Aussitôt Drago releva le menton, d'une manière qu'au cours des années Harry avait appris à interpréter. Il allait certainement lui dire quelque chose de désagréable…Autant éviter cela ! Il désigna donc l'extérieur d'un geste du menton et ajouta :
- Il pleut encore très fort. Un gentleman n'abandonne pas un jeune homme par un temps pareil !
Drago leva le menton un peu plus haut avant de répondre d'un ton acide :
- Je n'ai nul besoin d'un chevalier servant. J'ai deux bras, deux jambes et un cerveau, exactement comme toi, compris ?
Cette insolence le fit sourire, ce qui irrita Drago au plus haut point, mais le réjouit beaucoup. Comme il s'amusait ! Drago n'avait cure de le mettre en colère… A vrai dire, il le traitait exactement comme n'importe qui. Ou plutôt comme quelqu'un qui ne serait pas à la tête d'une fortune colossale et qu'on ménageait afin de s'assurer ses bonnes grâces. Bref, il avait le comportement spontané que plus personnes n'osait avoir avec lui. Harry eut soudain une conscience aigüe de l'hypocrisie au milieu de laquelle il évoluait, comme si elle était devenue son élément naturel.
- Ecoute… Je te raccompagne parce que je peux transplaner et toi non. Point final !
- Et moi, je suis sûr que tu veux jouer au protecteur de service . Apprends que ça fait neuf ans que je me débrouille seul et la grande méchante chimère ne m'a pas encore mangé !
Pendant qu'il parlait, Harry les avait de nouveau amenés à la zone de transplanage.
- Viens avec moi. Personne ne doit se promener seul dans Londres la nuit. Même pas super-Drago.
Sur ce, il l'attrapa par le bras et Drago ne se dégagea pas soudain calmé.
- Excuse-moi. Je ne sais pas pourquoi je me comporte ainsi avec toi. On dirait que tu as un don spécial pour me mettre en colère. Exactement comme à Poudlard.
Harry sourit sans mot dire, assez amusé par cet aveux, mais peu désireux de le lui faire savoir. Il posa sa main sur la taille du jeune homme et lui demanda :
- Ton adresse s'il te plait.
- 301 Fitzroy Park.
Harry resserra sa prise sur les hanches de Drago et transplana. Ils atterrirent devant une petite maison blanche entourée d'arbre. Drago recula, se libérant de la prise du brun et s'avança vers le porche d'entrée. Il sortit ses clés et se retourna vers Harry.
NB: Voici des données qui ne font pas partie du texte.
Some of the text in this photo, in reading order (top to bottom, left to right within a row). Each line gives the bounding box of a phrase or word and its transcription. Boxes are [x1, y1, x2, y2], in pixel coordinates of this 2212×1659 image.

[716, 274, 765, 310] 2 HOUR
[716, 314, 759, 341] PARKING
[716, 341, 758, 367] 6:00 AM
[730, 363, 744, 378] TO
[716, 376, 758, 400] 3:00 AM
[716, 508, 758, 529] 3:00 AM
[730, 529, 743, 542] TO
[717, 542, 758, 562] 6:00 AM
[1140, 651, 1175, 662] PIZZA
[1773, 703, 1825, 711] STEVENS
- On se voit demain. Veux-tu que j'arrive un peu plus tôt pour t'aider ?
- Ce serait gentil.
- Ouais… Bonne nuit Potter.
Il enfila la clé dans la serrure, puis comme pris de remord, se retourna vers lui.
- Merci de m'avoir raccompagné.
Harry se pencha vers lui.
- Cela m'a fait plaisir.
Vite, il recula, puis ferma la porte. Il avait bien cru qu'il allait essayer de l'embrasser… Tout seul sous l'auvent, Harry passa sa langue sur ses lèvres. Qu'est-ce qu'il venait de se passer ? Il avait vraiment eu envie d'embrasser Drago.